**What you should do**. Reproduce the entire listing exactly. Leave the pictures out.
⟨
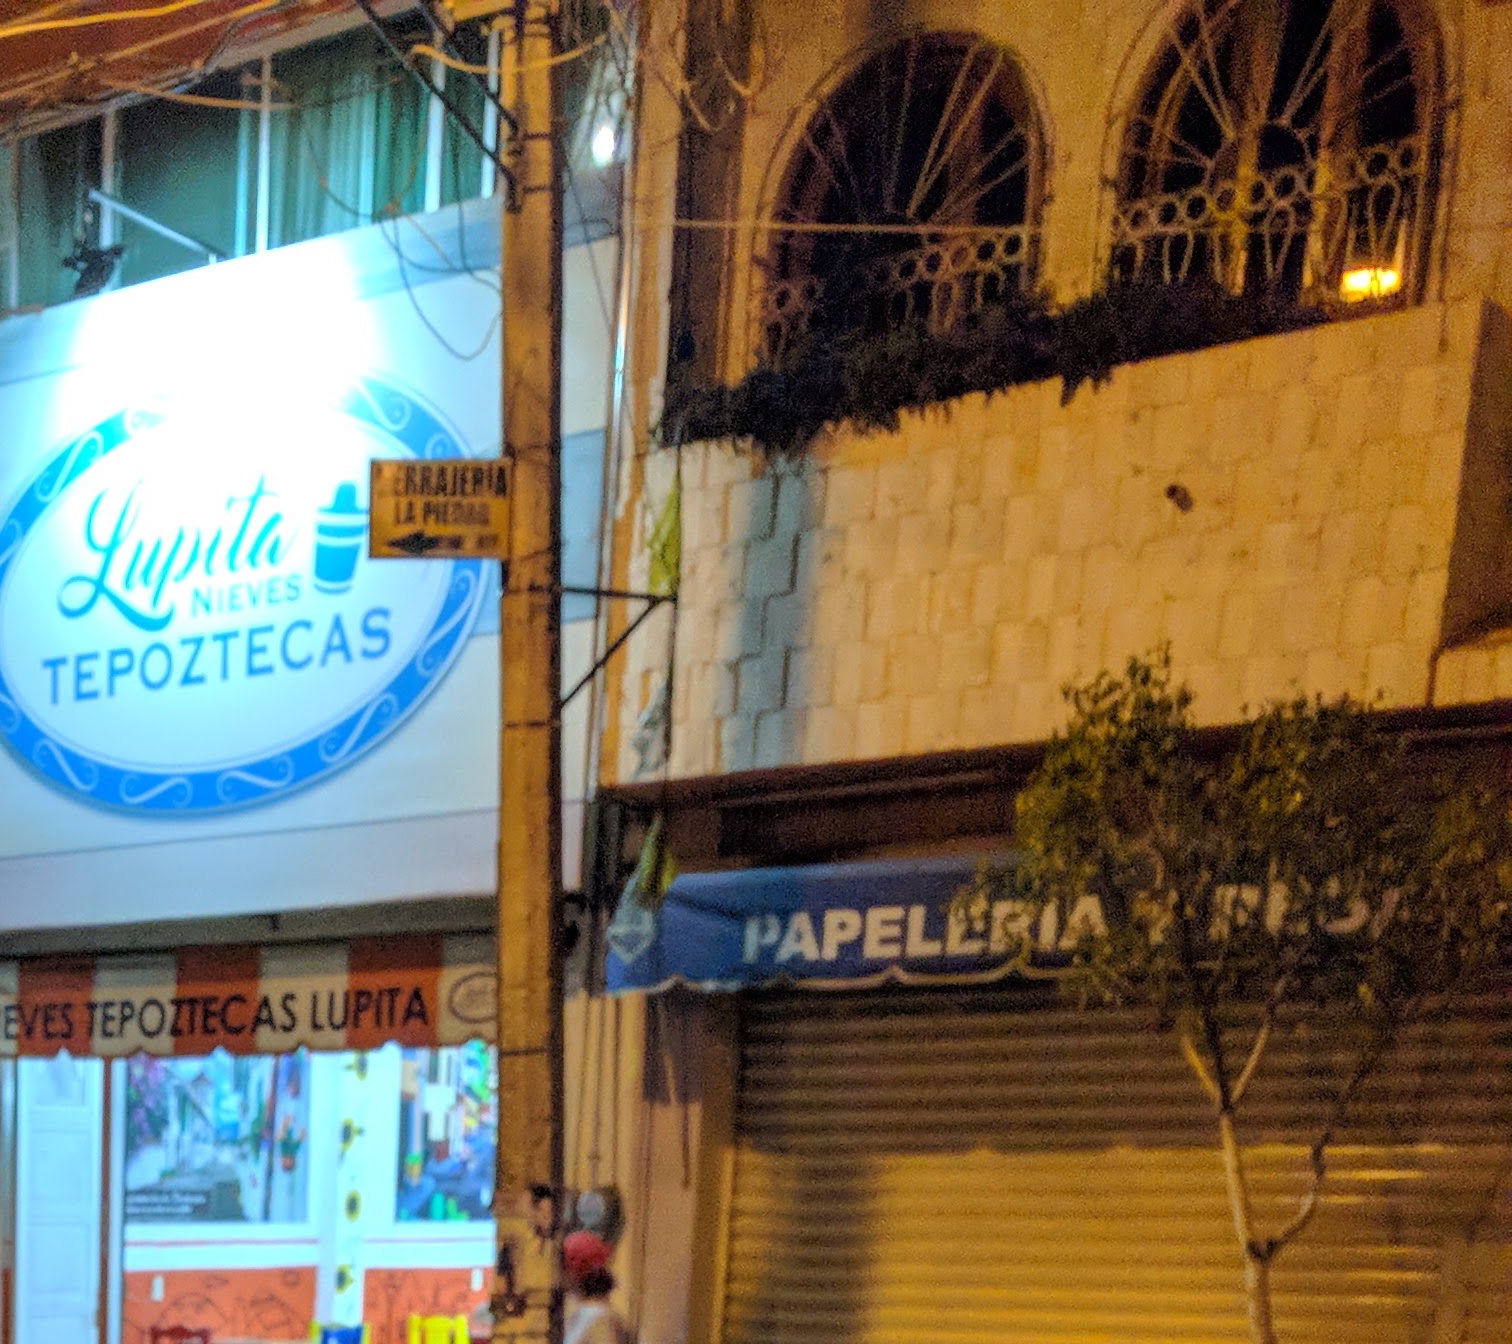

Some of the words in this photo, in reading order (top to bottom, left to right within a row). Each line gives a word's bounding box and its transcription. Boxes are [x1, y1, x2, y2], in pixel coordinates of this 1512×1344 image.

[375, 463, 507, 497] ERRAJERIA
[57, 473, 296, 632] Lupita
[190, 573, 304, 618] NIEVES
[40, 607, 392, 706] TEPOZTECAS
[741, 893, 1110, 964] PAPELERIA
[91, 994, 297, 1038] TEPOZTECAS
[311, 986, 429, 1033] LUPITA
⟩
**The answer**.
Some of the words in this photo, in reading order (top to bottom, left to right within a row). Each line gives a word's bounding box and its transcription. Boxes are [x1, y1, x2, y2], in pixel coordinates of this 1512×1344 image.

[375, 463, 507, 497] ERRAJERIA
[57, 473, 296, 632] Lupita
[190, 573, 304, 618] NIEVES
[40, 607, 392, 706] TEPOZTECAS
[741, 893, 1110, 964] PAPELERIA
[91, 994, 297, 1038] TEPOZTECAS
[311, 986, 429, 1033] LUPITA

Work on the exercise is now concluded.